É nessa ponte histórica que Trump e Putin se encontraram, em Anchorage, com ecos russos em nomes de ruas em cirílico e igrejas ortodoxas. A pauta? A guerra na Ucrânia, conflito que sangra a Europa há anos, agora no centro de uma diplomacia bilateral que isola o Velho Continente. Apesar do verniz de cordialidade, a cúpula, encerrada abruptamente após três horas, dissolveu-se em discursos vagos e encenações diplomáticas, sem avanços concretos. Trump, com sua verve de showman, proclamou “grande progresso” e que “muitos pontos foram alinhados”, mas reforçou a máxima: “não há acordo até o papel estar assinado”. Putin, com um sorriso de enxadrista, projetou otimismo calculado, sugerindo novas rodadas de diálogo, talvez em Moscou.

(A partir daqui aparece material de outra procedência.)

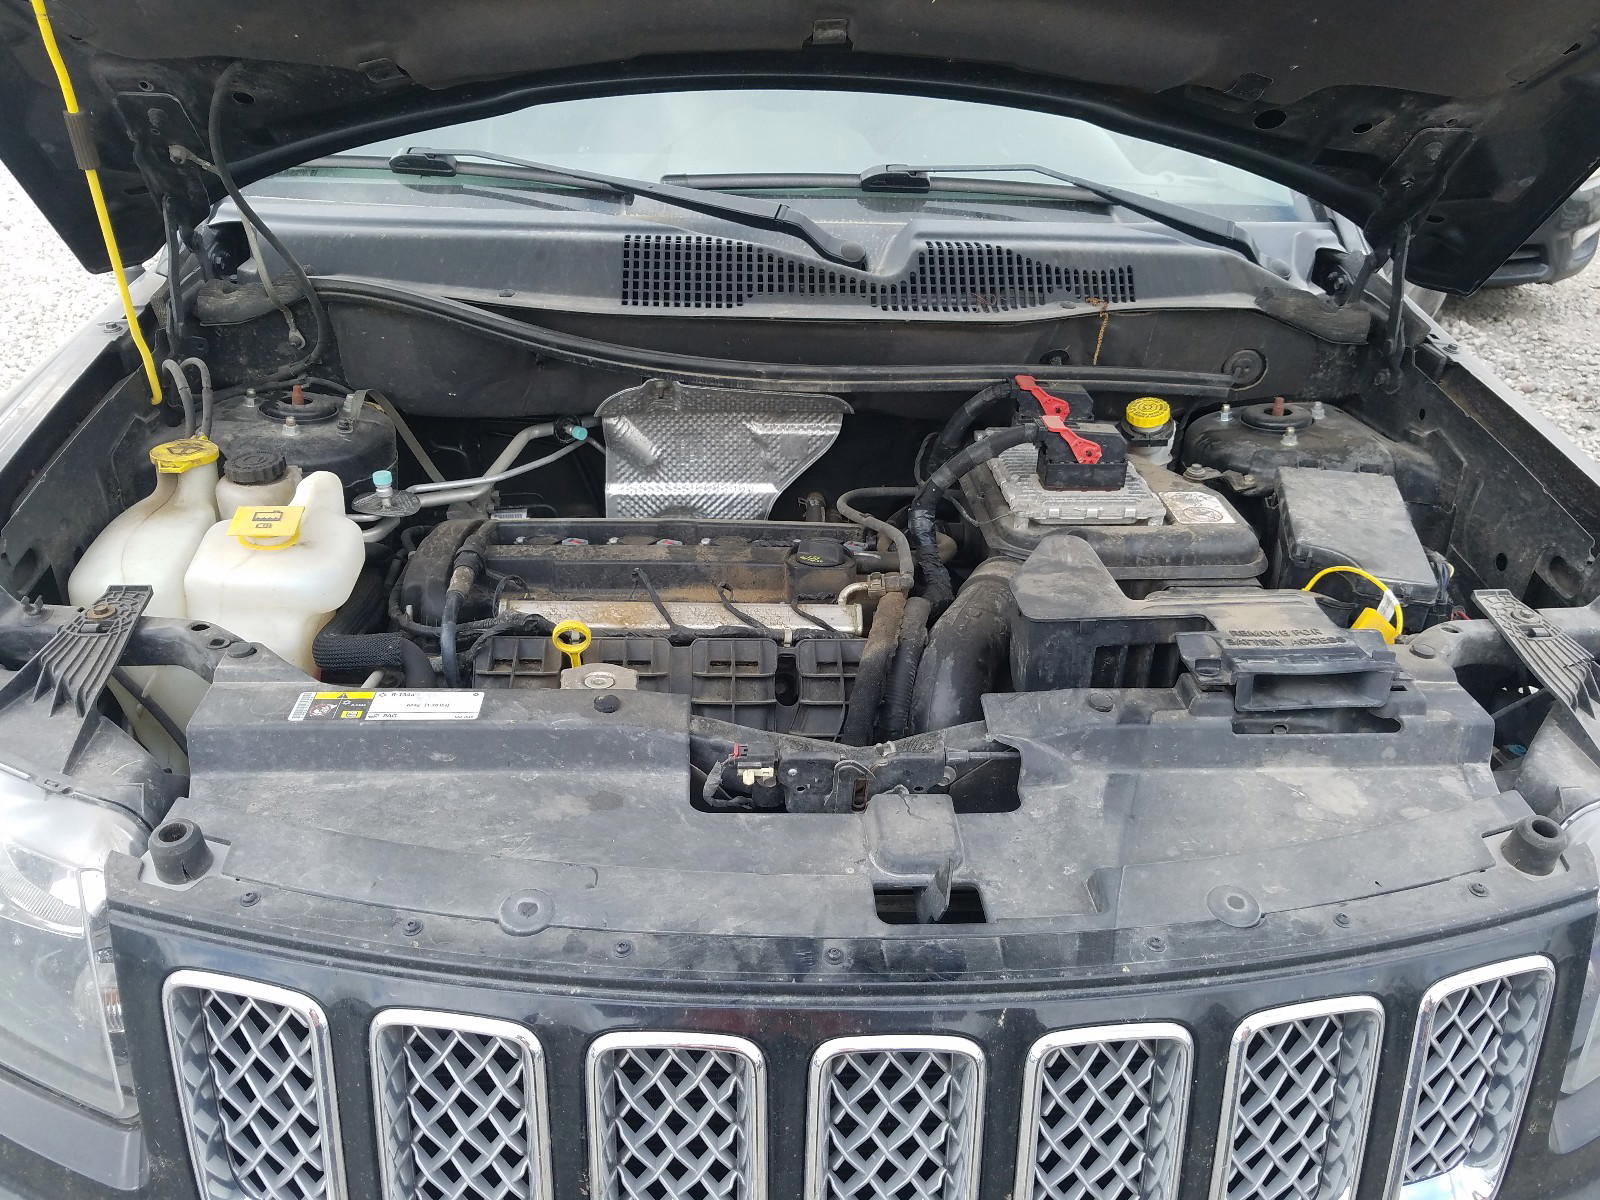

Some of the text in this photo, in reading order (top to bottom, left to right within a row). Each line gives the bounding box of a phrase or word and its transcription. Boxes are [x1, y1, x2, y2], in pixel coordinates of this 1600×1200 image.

[1228, 628, 1322, 638] REMOVE FOR
[1225, 636, 1347, 647] BATTERY ACCESS

O saldo político pende para Putin, que saiu fortalecido, recebido como protagonista por Washington, rompendo o ostracismo imposto desde 2022. Uma imagem já viraliza: o líder russo, acusado de crimes de guerra, com dedo em riste, ao lado de Trump, sorrindo como se cumprimentasse um velho aliado. Enquanto isso, bombardeios russos seguiam devastando cidades ucranianas, e Zelensky, em Kiev, denunciava o contraste entre o teatro diplomático e o inferno no terreno. Putin, quebrando o protocolo, falou primeiro, exaltando Trump e afirmando que a guerra “jamais teria ocorrido” se ele estivesse no poder em 2022, apontando Zelensky como obstáculo à paz.

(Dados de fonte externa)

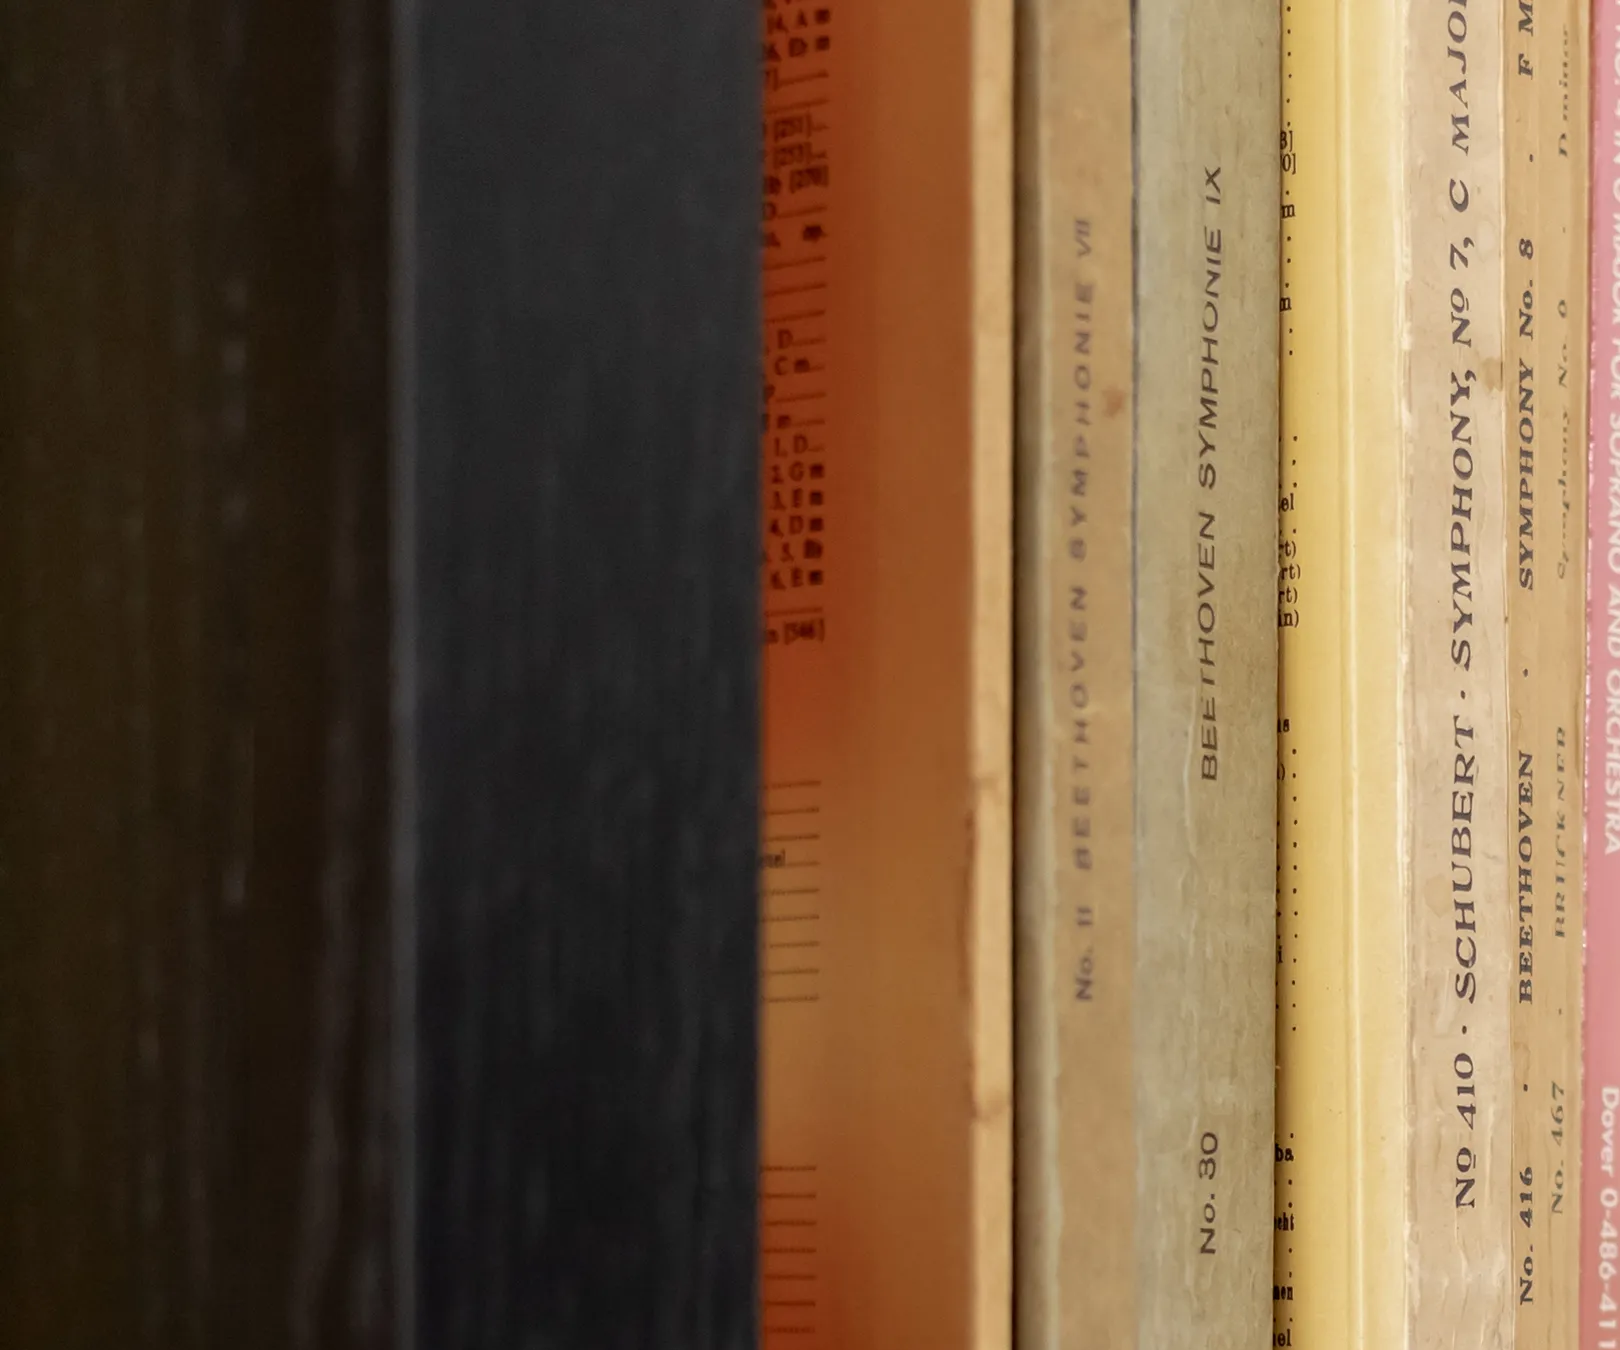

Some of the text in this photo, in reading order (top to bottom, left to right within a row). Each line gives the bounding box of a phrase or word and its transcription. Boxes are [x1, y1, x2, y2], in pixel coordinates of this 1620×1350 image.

[1518, 54, 1534, 80] F
[1449, 179, 1469, 212] C
[1449, 237, 1475, 270] 7,
[1518, 239, 1533, 260] 8
[1518, 279, 1533, 340] No.
[1068, 283, 1093, 562] SYMPHONIE
[1518, 358, 1535, 590] SYMPHONY
[1450, 370, 1478, 670] SYMPHONY,
[1067, 587, 1093, 871] BEETHOVEN
[1198, 166, 1223, 1255] No. 30 BEETHOVEN SYMPHONIE IX
[1451, 715, 1478, 1004] SCHUBERT
[1518, 750, 1535, 1004] BEETHOVEN
[1454, 1053, 1476, 1130] 410
[1550, 1081, 1565, 1145] 467
[1518, 1167, 1535, 1228] 416
[1518, 1244, 1535, 1305] No.
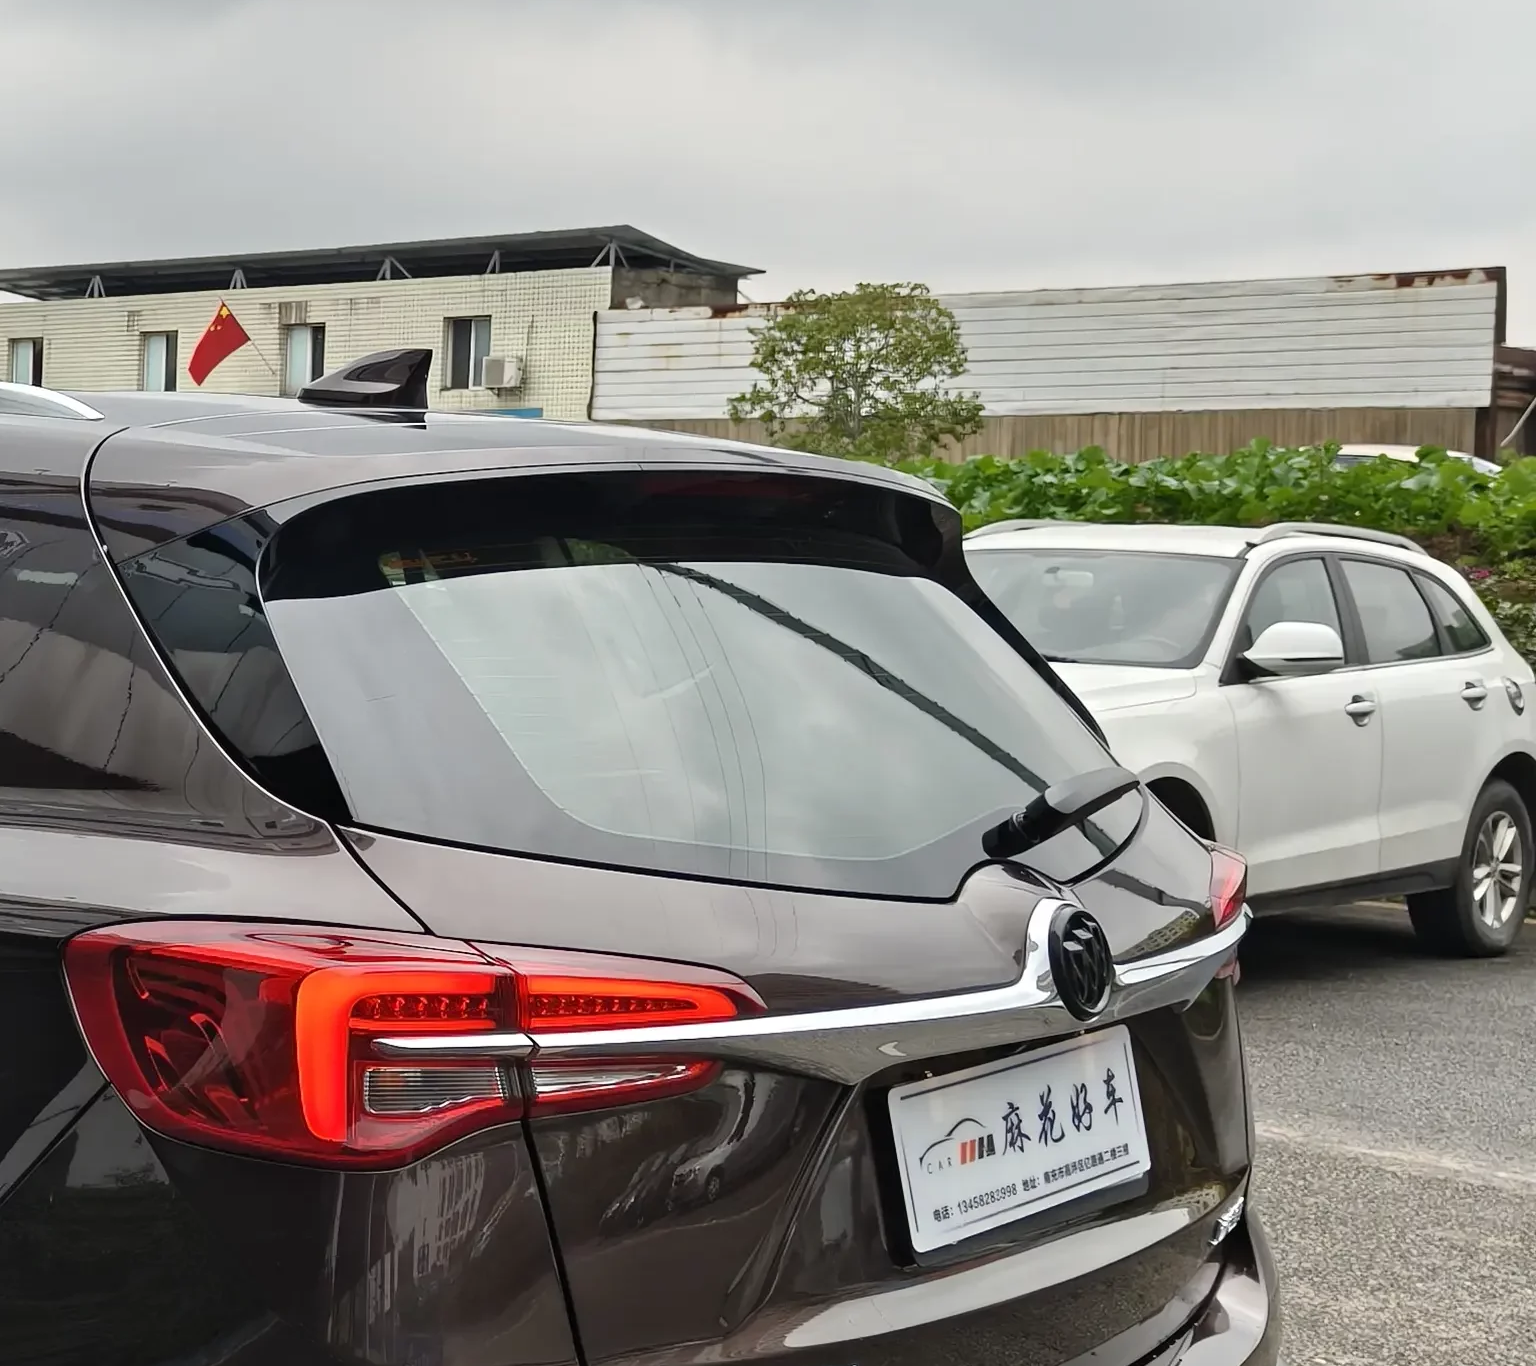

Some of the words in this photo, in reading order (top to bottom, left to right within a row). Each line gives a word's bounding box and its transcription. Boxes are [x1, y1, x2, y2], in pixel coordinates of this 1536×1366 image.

[1002, 1068, 1123, 1155] 麻花好车
[927, 1157, 952, 1174] CAR

Três gestos reforçaram o simbolismo da cúpula. Antes de chegar, Putin fez escala em Magadã, depositando flores em homenagem à cooperação EUA-URSS na Segunda Guerra. Sergey Lavrov, seu chanceler, desembarcou em Anchorage com um casaco estampado com “CCCP”, evocando o espectro da União Soviética.

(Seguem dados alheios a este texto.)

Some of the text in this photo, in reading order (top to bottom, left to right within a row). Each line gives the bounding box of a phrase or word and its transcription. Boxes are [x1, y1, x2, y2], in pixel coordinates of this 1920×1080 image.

Ao fim, Putin, em tom de provocação leve, sugeriu um próximo encontro em Moscou, ao que Trump respondeu, com um aceno, que “poderia ver isso acontecendo”. Mais cedo, ambos embarcaram na “Besta”, o carro presidencial americano, sem intérpretes, alimentando especulações sobre conversas fora das câmeras.
Trump, de volta ao Salão Oval com seu “América Primeiro”, busca aliviar o fardo financeiro dos bilhões em ajuda à Ucrânia, priorizando muros ou tarifas contra a China. Seus interesses incluem estabilidade energética, com o Alasca como hub de gás, e uma vitória diplomática contra rivais democratas. Putin almeja alívio das sanções que asfixiam Moscou, reconhecimento tácito da anexação da Crimeia e Donbass, e espaço para reconstruir influência no Leste Europeu.
Os prós da cúpula? Um possível cessar-fogo, poupando vidas e estabilizando mercados de grãos e energia. Trump argumenta que negociações diretas cortam o nó górdio – alusão à lenda de Alexandre, o Grande, que, diante de um nó impossível, o partiu com sua espada. Putin ganha legitimidade, posando como pacificador.
Mas os contras pesam como icebergs: traição aos aliados da OTAN, que veem na ausência europeia um isolamento deliberado. A União Europeia, fragmentada por populismos, assiste de longe, com Macron e Scholz murmurando sobre “unilateralismo americano”. A Ucrânia, principal interessada, clama por inclusão. Zelensky teme que sua soberania e reparações sejam barganhadas, ecoando Yalta em 1945.
Nessa dança de poderosos no Alasca, a história ri por último: Uma terra vendida por tostões hospeda barganhas que podem redefinir mapas. Resta saber se o degelo diplomático apazigua o conflito ou apenas posterga o longo inverno da Ucrânia.
* Este é um artigo de opinião, de responsabilidade do autor, e não reflete a opinião do Brasil 247.